E inevitabilmente si pensa al misterioso uomo in
tuta così ben protetto da essere ignoto ancor oggi: il killer che
stava alle sue spalle ed ha compiuto la parte del «lavoro»
che non si addiceva alle divise degli altri. Infatti - secondo dato comprovante
- il berretto che Muti portava, recuperato fortunosamente dalla famiglia
e tuttora esistente, reca due fori di proiettile: uno sul dietro, in corrispondenza
della nuca, l'altro davanti, che attraversa la visiera. Che cosa si vuole
di più?
Sul significato e la «morale» da trarre
da questo omicidio che oggi i cronisti direbbero «eccellente»,
voluto ed eseguito da uomini che facevano riferimento ad un governo che
si diceva costituzionale (ma non lo era), potrebbero e dovrebbero farsi
diverse riflessioni, che finora non risulta siano state fatte.
E’ sperabile che qualche onesto storico del futuro
vi si accinga. Storicamente il fatto è rilevante, assai più
di quanto sia stato finora considerato: richiama alla memoria l’assassinio
di Calvo Sotelo, che precedette la guerra civile spagnola.
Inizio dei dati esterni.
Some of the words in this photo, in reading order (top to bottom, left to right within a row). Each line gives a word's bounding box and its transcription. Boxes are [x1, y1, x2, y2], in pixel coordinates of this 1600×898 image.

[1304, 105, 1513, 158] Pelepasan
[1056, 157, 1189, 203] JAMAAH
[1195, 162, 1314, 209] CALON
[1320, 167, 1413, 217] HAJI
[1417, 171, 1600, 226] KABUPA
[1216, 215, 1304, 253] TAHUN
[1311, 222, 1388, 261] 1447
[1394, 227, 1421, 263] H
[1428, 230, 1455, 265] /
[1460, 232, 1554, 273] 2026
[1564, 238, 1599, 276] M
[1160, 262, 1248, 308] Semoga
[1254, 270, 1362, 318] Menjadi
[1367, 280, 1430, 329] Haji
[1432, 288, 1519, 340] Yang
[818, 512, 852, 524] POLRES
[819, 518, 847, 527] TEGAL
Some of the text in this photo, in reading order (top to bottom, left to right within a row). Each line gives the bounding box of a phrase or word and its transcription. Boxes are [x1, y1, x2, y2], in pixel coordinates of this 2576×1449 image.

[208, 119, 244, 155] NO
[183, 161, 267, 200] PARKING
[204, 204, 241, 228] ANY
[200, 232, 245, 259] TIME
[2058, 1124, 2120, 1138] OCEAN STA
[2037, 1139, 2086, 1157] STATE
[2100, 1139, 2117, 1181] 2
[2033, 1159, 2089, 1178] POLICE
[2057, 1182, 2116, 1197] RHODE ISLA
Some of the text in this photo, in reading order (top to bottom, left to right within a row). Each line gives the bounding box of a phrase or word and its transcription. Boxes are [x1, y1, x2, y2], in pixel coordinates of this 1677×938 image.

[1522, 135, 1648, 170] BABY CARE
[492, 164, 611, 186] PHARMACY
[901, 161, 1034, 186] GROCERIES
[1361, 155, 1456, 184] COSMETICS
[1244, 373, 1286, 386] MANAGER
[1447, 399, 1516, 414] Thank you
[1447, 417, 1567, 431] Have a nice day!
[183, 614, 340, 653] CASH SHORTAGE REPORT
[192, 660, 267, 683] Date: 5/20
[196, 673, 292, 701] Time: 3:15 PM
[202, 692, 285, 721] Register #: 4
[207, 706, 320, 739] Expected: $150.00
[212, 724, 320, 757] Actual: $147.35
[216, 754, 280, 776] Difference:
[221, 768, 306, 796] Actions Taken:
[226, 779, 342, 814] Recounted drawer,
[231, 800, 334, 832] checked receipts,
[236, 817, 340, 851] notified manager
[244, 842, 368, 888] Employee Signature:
Per cinquant'anni
ed oltre gli avversari del fascismo hanno goduto di una buona «rendita»
tenendo vivo il culto del delitto Matteotti, che fu indubbiamente un omicidio
ma preterintenzionale, in quanto non programmato da mandanti ed esecutori
che volevano soltanto «dare una lezione» all'esponente socialista.
Il delitto Muti fu invece chiaramente deliberato
e voluto, inaugurando il sistema della eliminazione fisica degli avversari
politici che fu caratteristico della guerra civile e causò all’Italia
dolori e danni che durano ancora.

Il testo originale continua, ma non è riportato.